I saw more live theater than usual this past year, for some reason, and my two favorites were strikingly different productions of Shakespeare. Bozeman’s Shakespeare in the Park company favored a hardy Missoula audience with two nights of classic Bard in the Oval on the UM campus. The first night, a performance of “A Midsummer Night’s Dream,” was sublime. The second night, “Julius Caesar,” not so much. Night one: comedy, sunshine, wine, laughter. Night two: drama, rain, cold, misery. Hats off to the intrepid troupe, though.

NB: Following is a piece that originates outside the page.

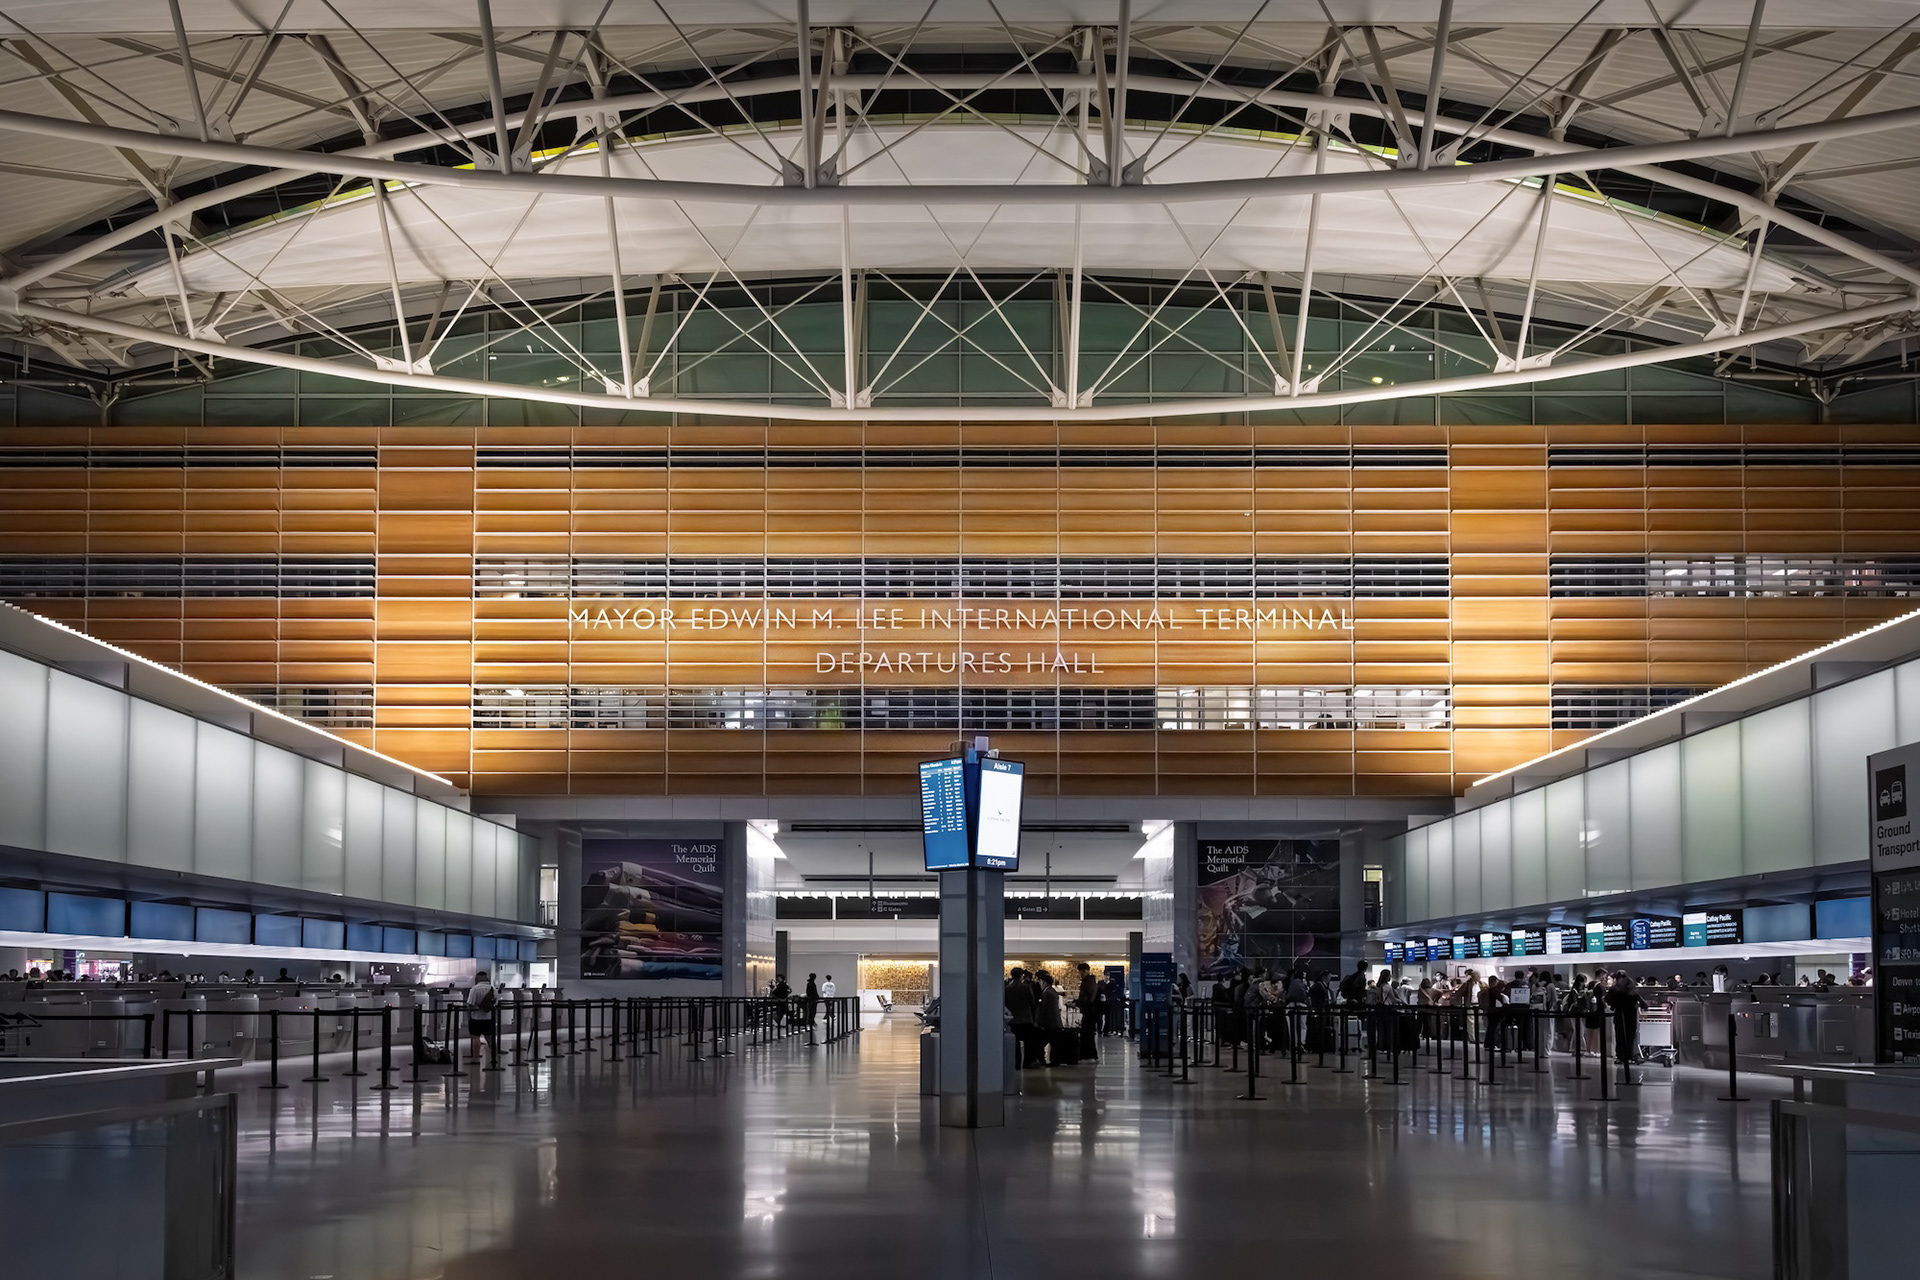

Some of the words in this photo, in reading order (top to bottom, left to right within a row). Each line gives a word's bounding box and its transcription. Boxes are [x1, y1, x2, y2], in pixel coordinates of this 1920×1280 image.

They were quite talented and impressive. I’m auditioning next year for the role of Mediocrates.
The other play, Montana Actors Theatre’s production of “The Complete Works of William Shakespeare, Abridged,” was the most fun I’ve ever had at live theater where there wasn’t a pole onstage. The three manic cast members had the audience snorting delicious local microbrew out our noses in the intimate confines of the Crystal Theatre, hurling themselves around with reckless fervor. Bonus: now I’ll do better in the “Shakespeare” category of Jeopardy. Still failing miserably with those Bible questions, though.
I did more traveling in 2010 than I usually do, but much of it was work-related. If you can call playing music work, that is. Napa, Venice Beach, Chattanooga, the Oregon coast, Las Vegas, and several spots within Montana all saw my shadow in 2010. Promoting my last book, researching my next one, visiting family and seeing the sights, it was all grand adventure and great sport. And every time I came back home to Missoula, every time Mount Sentinel or the Rattlesnake Wilderness or the Sapphires or Bitterroots came into view, I was reminded why I live here in the upper shoulder of the Northern Rockies. It’s endlessly beautiful and inspiring, mostly free of concrete and steel, and my town is full of people who are even more interesting and fun than the landscape. I look around at the mountains and rivers and relatively sparse population, and I wonder why everyone doesn’t live here.
But I’m glad they don’t. Happy New Year.